■ **PROBLEM TO SOLVE**: Repeat all of the records word for word, but skip any picture.

■ **DATA RECORDS**:
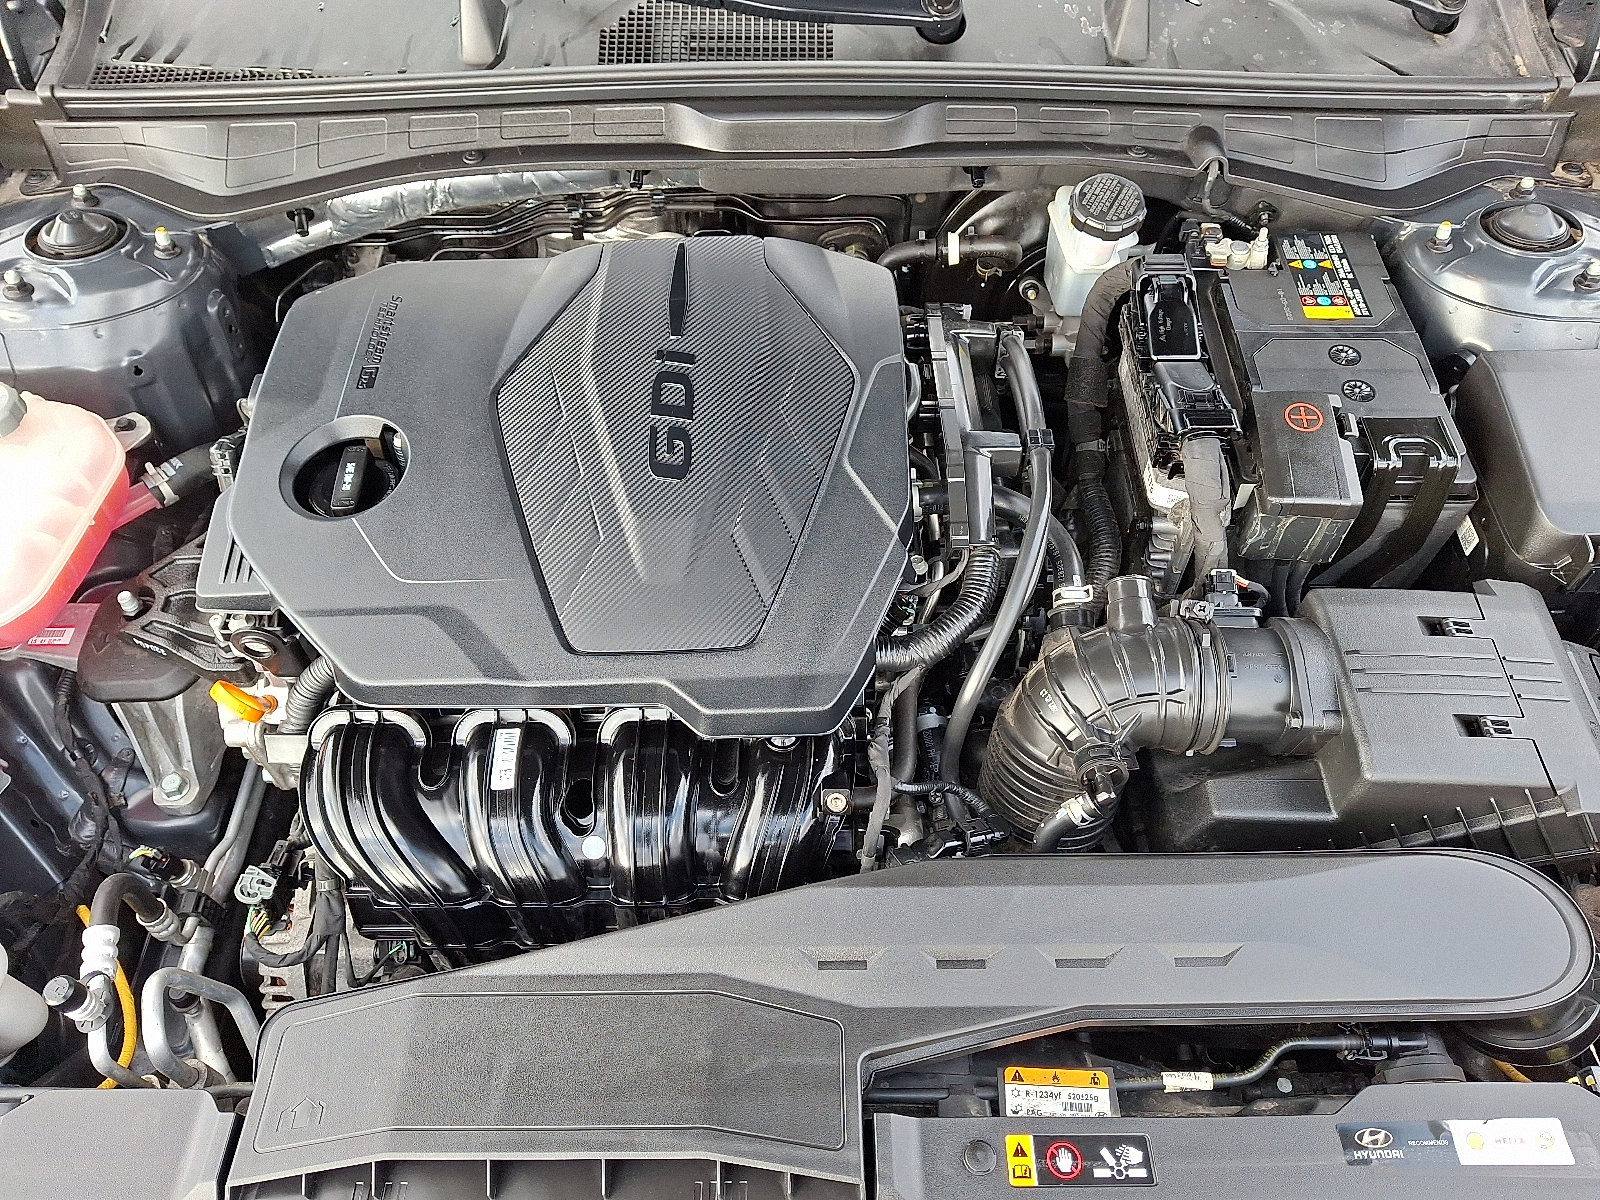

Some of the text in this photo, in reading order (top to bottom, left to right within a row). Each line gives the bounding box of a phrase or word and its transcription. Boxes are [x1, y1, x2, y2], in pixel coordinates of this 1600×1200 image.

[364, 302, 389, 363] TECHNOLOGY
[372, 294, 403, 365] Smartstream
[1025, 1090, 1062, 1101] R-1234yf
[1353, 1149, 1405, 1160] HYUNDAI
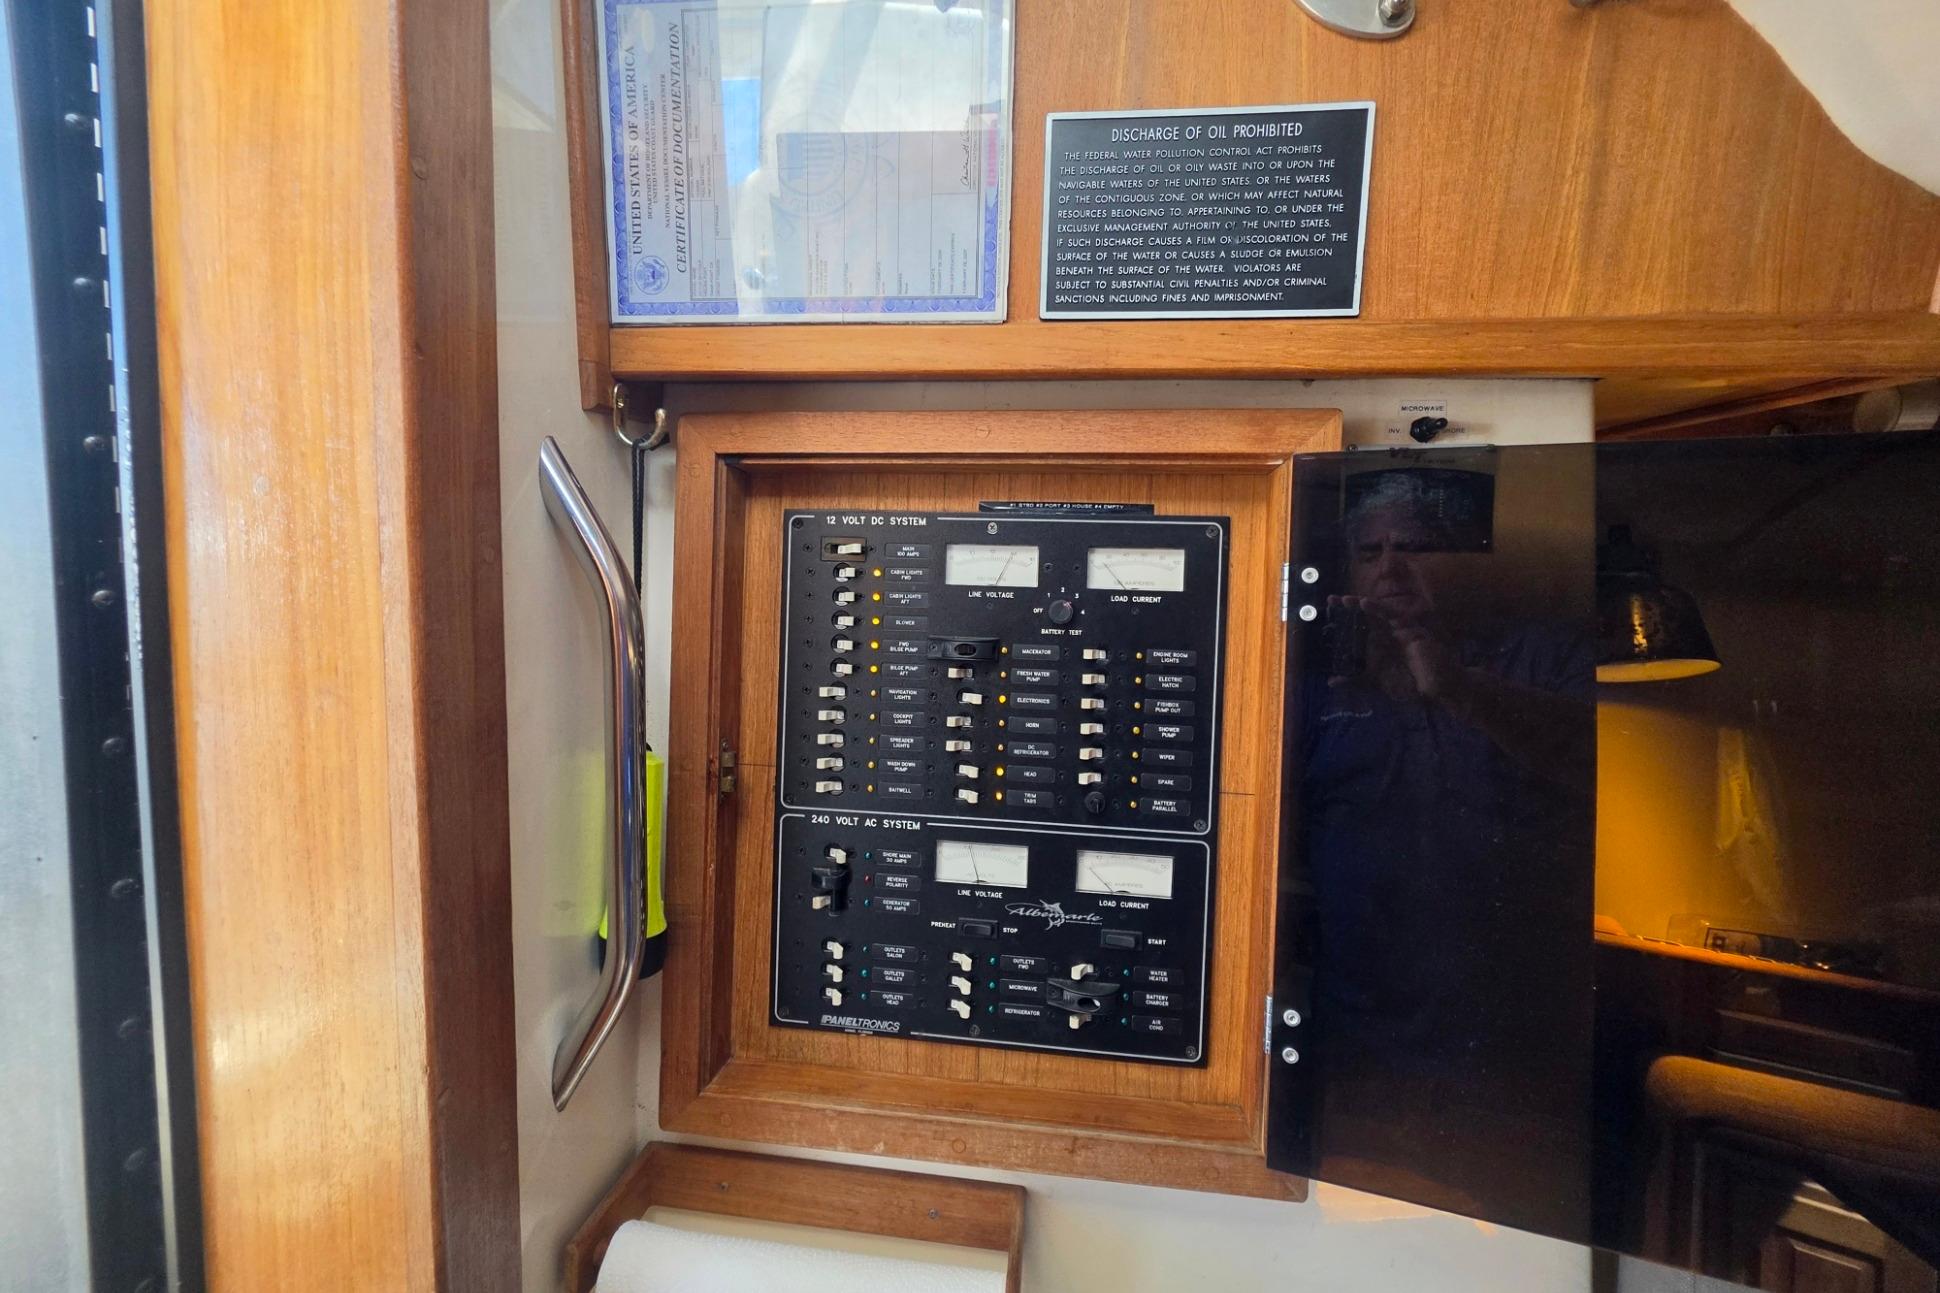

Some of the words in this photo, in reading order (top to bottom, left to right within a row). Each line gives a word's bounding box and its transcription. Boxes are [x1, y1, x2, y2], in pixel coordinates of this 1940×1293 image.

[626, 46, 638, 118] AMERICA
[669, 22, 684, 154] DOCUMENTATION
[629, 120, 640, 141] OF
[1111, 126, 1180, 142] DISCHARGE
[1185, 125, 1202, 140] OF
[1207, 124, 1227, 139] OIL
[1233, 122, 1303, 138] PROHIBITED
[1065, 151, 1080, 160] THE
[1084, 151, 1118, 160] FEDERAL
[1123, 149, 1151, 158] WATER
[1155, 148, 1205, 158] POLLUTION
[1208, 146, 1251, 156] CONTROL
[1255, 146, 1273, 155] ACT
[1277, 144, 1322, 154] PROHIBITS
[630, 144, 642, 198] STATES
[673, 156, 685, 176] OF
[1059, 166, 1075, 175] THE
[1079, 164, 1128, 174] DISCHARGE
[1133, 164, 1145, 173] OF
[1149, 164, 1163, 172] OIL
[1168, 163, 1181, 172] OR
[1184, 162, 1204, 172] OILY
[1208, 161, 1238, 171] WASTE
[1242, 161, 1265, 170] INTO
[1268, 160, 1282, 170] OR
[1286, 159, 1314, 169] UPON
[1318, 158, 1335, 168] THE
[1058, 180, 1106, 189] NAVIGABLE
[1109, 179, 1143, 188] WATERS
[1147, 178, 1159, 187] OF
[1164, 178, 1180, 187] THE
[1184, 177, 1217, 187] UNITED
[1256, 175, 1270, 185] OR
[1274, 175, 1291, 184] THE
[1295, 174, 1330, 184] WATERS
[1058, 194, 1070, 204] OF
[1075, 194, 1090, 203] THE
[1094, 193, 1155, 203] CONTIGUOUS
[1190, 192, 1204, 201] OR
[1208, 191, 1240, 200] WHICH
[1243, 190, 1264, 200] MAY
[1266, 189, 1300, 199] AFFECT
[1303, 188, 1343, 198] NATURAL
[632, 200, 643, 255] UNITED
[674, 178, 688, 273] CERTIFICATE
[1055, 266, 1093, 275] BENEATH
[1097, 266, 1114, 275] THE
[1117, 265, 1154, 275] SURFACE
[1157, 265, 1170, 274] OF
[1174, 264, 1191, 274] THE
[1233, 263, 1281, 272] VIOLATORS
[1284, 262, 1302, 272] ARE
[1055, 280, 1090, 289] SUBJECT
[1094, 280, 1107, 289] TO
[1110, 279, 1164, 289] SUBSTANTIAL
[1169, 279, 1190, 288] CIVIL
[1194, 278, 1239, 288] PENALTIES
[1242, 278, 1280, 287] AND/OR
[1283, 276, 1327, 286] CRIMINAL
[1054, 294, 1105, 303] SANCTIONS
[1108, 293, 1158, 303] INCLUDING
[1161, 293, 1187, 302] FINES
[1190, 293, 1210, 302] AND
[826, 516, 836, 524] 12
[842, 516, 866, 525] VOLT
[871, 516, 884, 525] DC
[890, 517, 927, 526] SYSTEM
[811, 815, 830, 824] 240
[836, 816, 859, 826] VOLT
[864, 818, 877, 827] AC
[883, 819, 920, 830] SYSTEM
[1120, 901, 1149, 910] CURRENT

■ **TASK RESULT**:
Some of the text in this photo, in reading order (top to bottom, left to right within a row). Each line gives the bounding box of a phrase or word and its transcription. Boxes are [x1, y1, x2, y2], in pixel coordinates of this 1600×1200 image.

[364, 302, 389, 363] TECHNOLOGY
[372, 294, 403, 365] Smartstream
[1025, 1090, 1062, 1101] R-1234yf
[1353, 1149, 1405, 1160] HYUNDAI

Some of the words in this photo, in reading order (top to bottom, left to right within a row). Each line gives a word's bounding box and its transcription. Boxes are [x1, y1, x2, y2], in pixel coordinates of this 1940×1293 image.

[626, 46, 638, 118] AMERICA
[669, 22, 684, 154] DOCUMENTATION
[629, 120, 640, 141] OF
[1111, 126, 1180, 142] DISCHARGE
[1185, 125, 1202, 140] OF
[1207, 124, 1227, 139] OIL
[1233, 122, 1303, 138] PROHIBITED
[1065, 151, 1080, 160] THE
[1084, 151, 1118, 160] FEDERAL
[1123, 149, 1151, 158] WATER
[1155, 148, 1205, 158] POLLUTION
[1208, 146, 1251, 156] CONTROL
[1255, 146, 1273, 155] ACT
[1277, 144, 1322, 154] PROHIBITS
[630, 144, 642, 198] STATES
[673, 156, 685, 176] OF
[1059, 166, 1075, 175] THE
[1079, 164, 1128, 174] DISCHARGE
[1133, 164, 1145, 173] OF
[1149, 164, 1163, 172] OIL
[1168, 163, 1181, 172] OR
[1184, 162, 1204, 172] OILY
[1208, 161, 1238, 171] WASTE
[1242, 161, 1265, 170] INTO
[1268, 160, 1282, 170] OR
[1286, 159, 1314, 169] UPON
[1318, 158, 1335, 168] THE
[1058, 180, 1106, 189] NAVIGABLE
[1109, 179, 1143, 188] WATERS
[1147, 178, 1159, 187] OF
[1164, 178, 1180, 187] THE
[1184, 177, 1217, 187] UNITED
[1256, 175, 1270, 185] OR
[1274, 175, 1291, 184] THE
[1295, 174, 1330, 184] WATERS
[1058, 194, 1070, 204] OF
[1075, 194, 1090, 203] THE
[1094, 193, 1155, 203] CONTIGUOUS
[1190, 192, 1204, 201] OR
[1208, 191, 1240, 200] WHICH
[1243, 190, 1264, 200] MAY
[1266, 189, 1300, 199] AFFECT
[1303, 188, 1343, 198] NATURAL
[632, 200, 643, 255] UNITED
[674, 178, 688, 273] CERTIFICATE
[1055, 266, 1093, 275] BENEATH
[1097, 266, 1114, 275] THE
[1117, 265, 1154, 275] SURFACE
[1157, 265, 1170, 274] OF
[1174, 264, 1191, 274] THE
[1233, 263, 1281, 272] VIOLATORS
[1284, 262, 1302, 272] ARE
[1055, 280, 1090, 289] SUBJECT
[1094, 280, 1107, 289] TO
[1110, 279, 1164, 289] SUBSTANTIAL
[1169, 279, 1190, 288] CIVIL
[1194, 278, 1239, 288] PENALTIES
[1242, 278, 1280, 287] AND/OR
[1283, 276, 1327, 286] CRIMINAL
[1054, 294, 1105, 303] SANCTIONS
[1108, 293, 1158, 303] INCLUDING
[1161, 293, 1187, 302] FINES
[1190, 293, 1210, 302] AND
[826, 516, 836, 524] 12
[842, 516, 866, 525] VOLT
[871, 516, 884, 525] DC
[890, 517, 927, 526] SYSTEM
[811, 815, 830, 824] 240
[836, 816, 859, 826] VOLT
[864, 818, 877, 827] AC
[883, 819, 920, 830] SYSTEM
[1120, 901, 1149, 910] CURRENT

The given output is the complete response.